= What is being asked =
The listing below has to be output exactly as given, less its pictures.

= Dataset records =

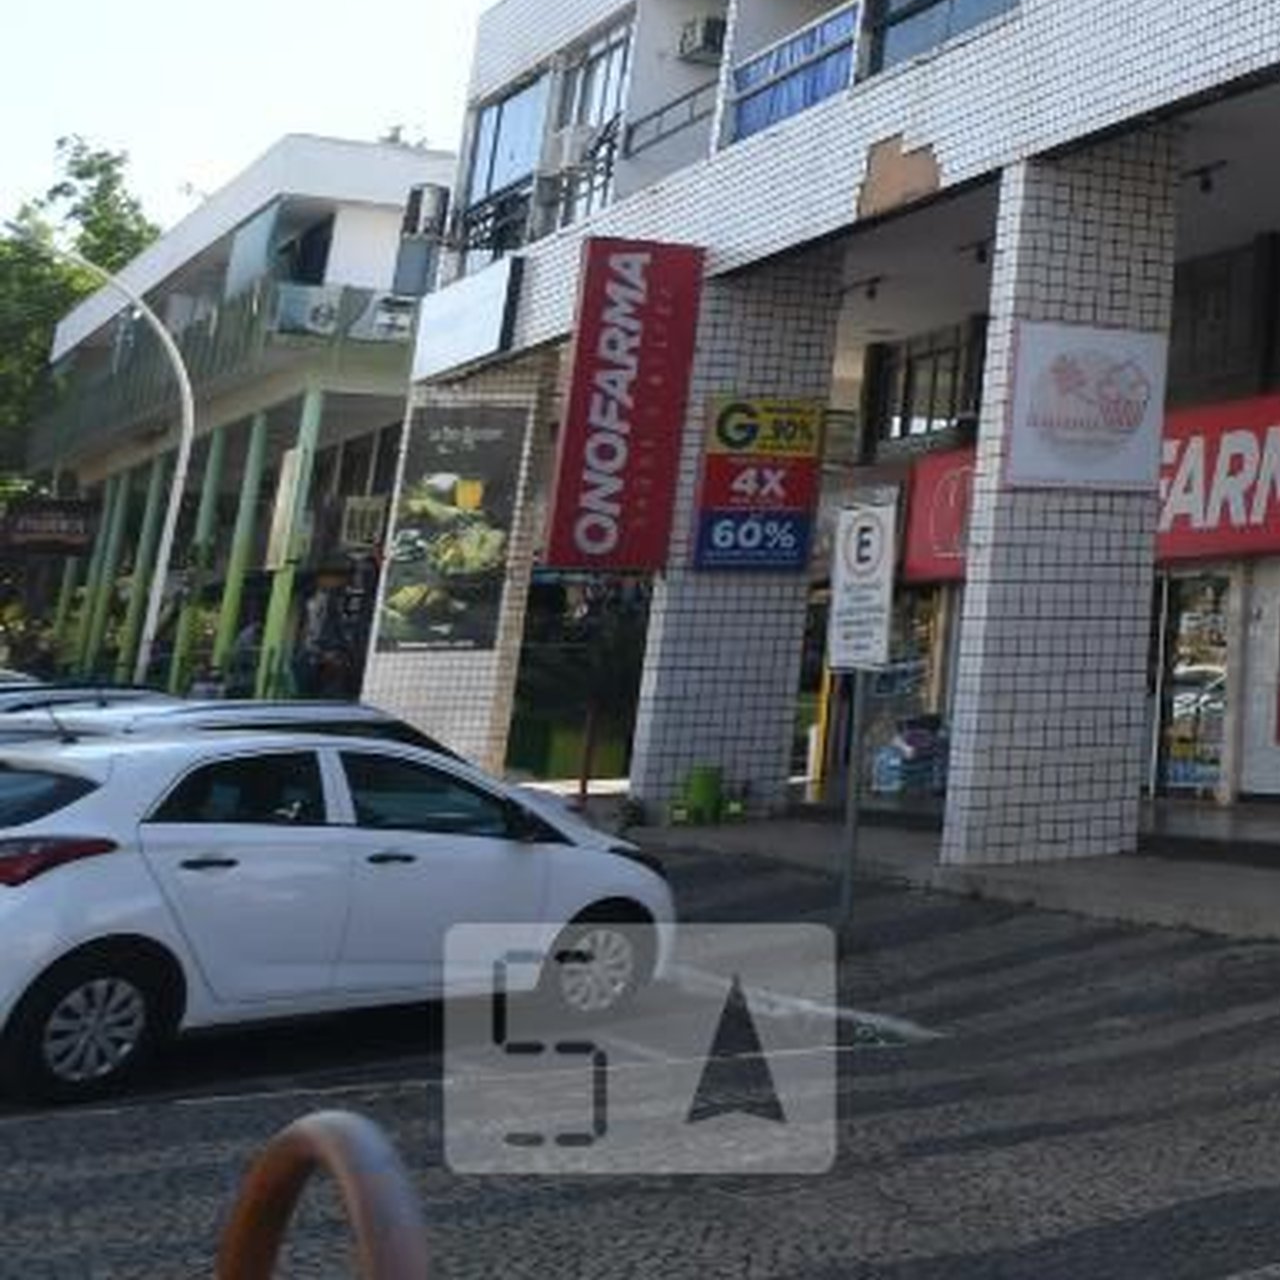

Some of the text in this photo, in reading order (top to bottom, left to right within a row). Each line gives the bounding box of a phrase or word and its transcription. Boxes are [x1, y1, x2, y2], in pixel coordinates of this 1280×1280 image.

[575, 252, 652, 556] ONOFARMA
[729, 466, 787, 498] 4X
[712, 518, 797, 549] 60%
[855, 526, 873, 564] E

= Task result =
Some of the text in this photo, in reading order (top to bottom, left to right within a row). Each line gives the bounding box of a phrase or word and its transcription. Boxes are [x1, y1, x2, y2], in pixel coordinates of this 1280×1280 image.

[575, 252, 652, 556] ONOFARMA
[729, 466, 787, 498] 4X
[712, 518, 797, 549] 60%
[855, 526, 873, 564] E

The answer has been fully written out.